İçeriğe atla

Arı

Arı
Yaşadığı dönem aralığı: 100-0 myö
Üst kretase-Günümüz 
Balarısı,
Apis mellifera
Biyolojik sınıflandırma Bu sınıflandırmayı düzenle
Âlem:Animalia
Şube:Arthropoda
Sınıf:Insecta
Takım:Hymenoptera
Üst familya:Apoidea
Klad:Anthophila
Familyalar
Sinonimler
Apiformes (Latinceden 'apis')

Arı, zar kanatlılar takımına ait Apoidea familyasını oluşturan tüm böcek türlerine verilen isimdir.

Zar kanatlıların özelliği; içinde enine ve boyuna damarcıklar bulunan ve iki çift saydam zar şeklinde kanatlarının olmasıdır. Arıların vücudu baş, göğüs ve karın olmak üzere üç kısımdan meydana gelir. Vücutları yumuşak yapıdaki yoğun bir kıl örtüsüyle kaplıdır.Kılların rengi türe göre değişkendir

Bir bal arısı kolonisi yıllık 15–75 kg polen tüketir. Gündelik yaşamlarını sürdürmek adına 1 kg bal üretmek için 8 kg bal tüketirler. Günde 200 gram suya ihtiyaç duyabilirler.

Evrim ve taksonomi

Bal arıları, aslında prederatör (böcek yiyen) bir familyanın alt üyesidirler ve artık böcek yemeyi bırakmışlardır. Aynı familya içerisinde diğer arılardan yaban arısı, eşek arısı, marangoz arı (Xylocopa, Carpenter bee), bombus gibi türler de bulunur.
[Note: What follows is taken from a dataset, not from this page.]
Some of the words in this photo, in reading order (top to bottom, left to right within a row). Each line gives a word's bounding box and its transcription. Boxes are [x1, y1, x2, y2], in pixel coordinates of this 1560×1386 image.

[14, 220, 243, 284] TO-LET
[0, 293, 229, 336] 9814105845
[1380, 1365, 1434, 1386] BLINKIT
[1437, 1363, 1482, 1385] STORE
Bal arısı ana arı, erkek arılar ve işçi arılardan oluşur. Yavruları ana arı yapar. Döllenmiş yumurtalardan işçi ve Ana arılar, döllenmemiş yumurtalardan erkek arılar meydana gelir. Ana arı ile işçi arı arasındaki farkı larva döneminde yapılan beslenme oluşturur.

Birlikte evrim

Uzun dilli arılar ve uzun tüplü çiçekler, Acanthus ilicifolius üzerindeki bu Amegilla cingulata (Apidae) gibi birlikte evrimleşmiştir.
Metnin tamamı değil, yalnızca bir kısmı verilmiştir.